Conversational agents. Studies on children’s interactions with digital interfaces – images, TV shows, or books –scaffolded by digital tutors typically compare the difference or added value of “real” and digital tutors. Those that adjust responses to the child — for example, in the form of customized responses of cartoon characters — show some promising learning benefits. For example, when 3-to-6-year-olds read stories with an automated conversational agent (digital tutor), they understood the story as much as they did when an adult read the story to them. What was different was the nature of children’s responses: When they read with the digital tutor, they attempted to answer clearly to be understood by the automatic speech processing. But when they read with the adult, their answers were more diverse and relevant.

One might anticipate that children’s answers will get more aligned with natural conversations as the technologies’ usability advances. What remains a challenge is addressing the pitfalls of digital personalized education. Two challenges are particularly salient: children’s agency and the personalization-pluralization balance.

Children’s agency with personalized AI tutors. Children’s agency, the possibility to control and make a choice, is often neglected with adult-made technologies. Paradoxically, although personalized learning is sold under the banner of child-centred education, automated recommendations and learning adjustments happen automatically, with direct use of children’s data but minimal children’s agency.

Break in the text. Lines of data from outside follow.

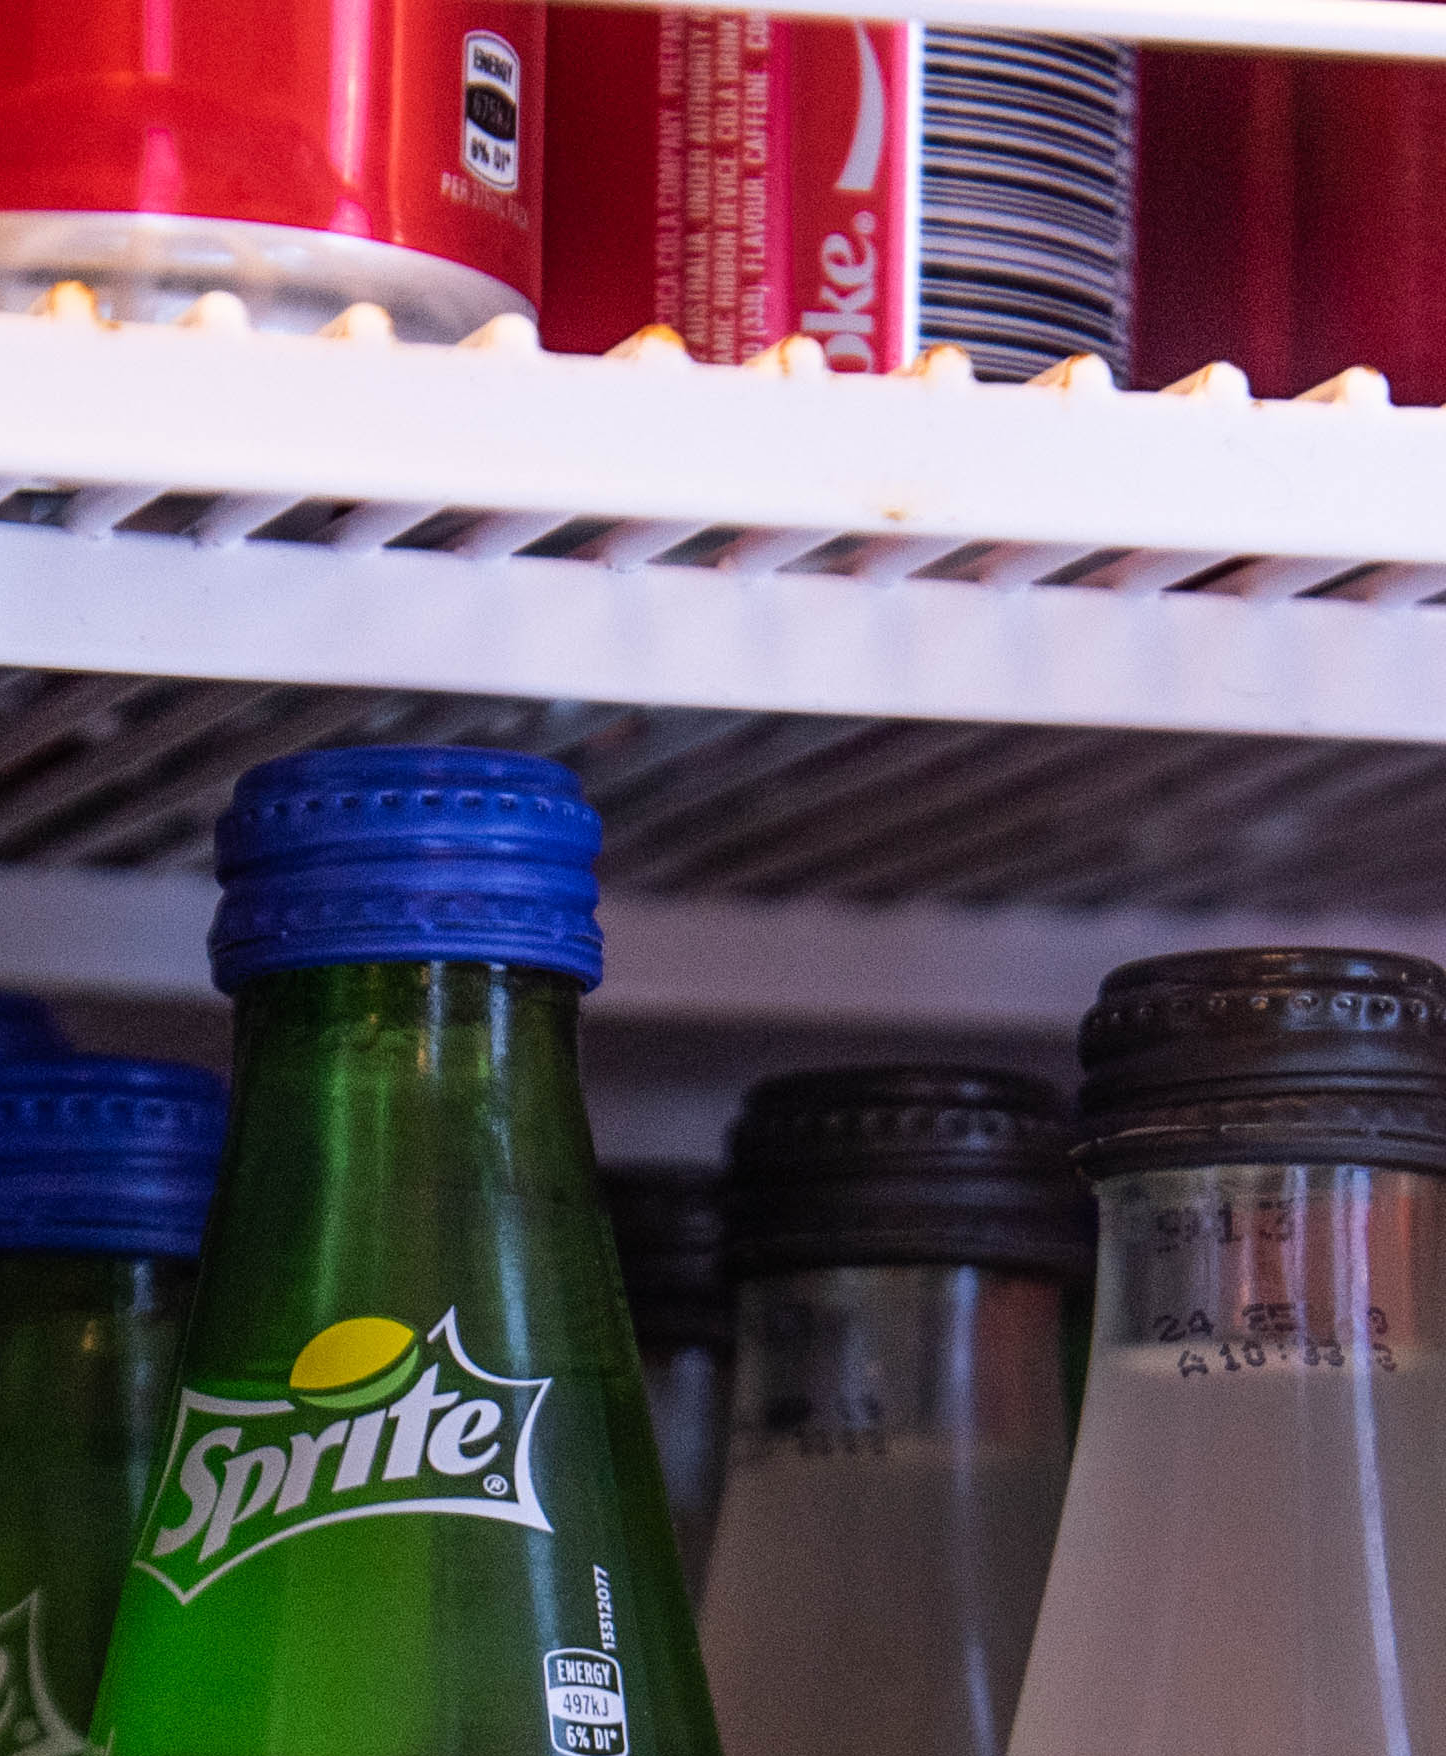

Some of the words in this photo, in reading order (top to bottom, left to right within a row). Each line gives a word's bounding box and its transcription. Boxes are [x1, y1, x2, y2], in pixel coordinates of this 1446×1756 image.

[151, 1362, 502, 1565] Sprite
[593, 1564, 617, 1652] 13312077
[556, 1658, 611, 1688] ENERGY
[562, 1692, 610, 1718] 497kJ
[565, 1724, 590, 1749] 6%

Generative AI was not developed for children but it is increasingly applied to education contexts. The question of whether the benefits really flow back to the child is especially salient with personalized AI tutors developed by commercial companies. With generative AI EdTech, children’s speech is used to train models embedded in tools that personalize their interactions without children being able to actively give informed consent.

While we wait for these ethical challenges to be addressed by AI bills and their enforced implementation, it is worth remembering the promise and pitfalls of personalised learning with new EdTech. The promises have been highlighted in terms of learning motivation, engagement, and meeting children where they are. The pitfalls relate to the use of personalization as a sole means to boost children's education and its digital design.

Personalized persuasive design is one of the manipulative features used in digital media to keep children's attention on the screen for as long as possible. With such a design, meaningless games or questions pop up on the screen but because they are adjusted to what users engaged with before, they catch their attention. While personalized nudges in the form of recommendation algorithms are unique to digital personalization, the broader problem of personalization is its connection to pluralization, or diversity of experience.

Will personalized AI tutors teach children to help and serve those whom they would not typically think of as their ‘friends’? Or to slow down the pace of learning to practice patience, and introduce difficult and at times frustrating tasks to practice executive functioning? Or to challenge children’s thinking with content that is not personalized and different from what they liked and engaged with before? Socrates would ask whether children will be pushed toward particulars rather than universals. The more a design leans towards the pole of personalization, the more it removes children from a collective reality — a reality that is challenging and complex because of its diversity, not its homogeneity.

References

Kucirkova, N. (2017). Digital personalization in early childhood: Impact on childhood. London: Bloomsbury Academic.

Kucirkova, N. (2021). The future of the self: Understanding personalization in childhood and beyond. Emerald Group Publishing.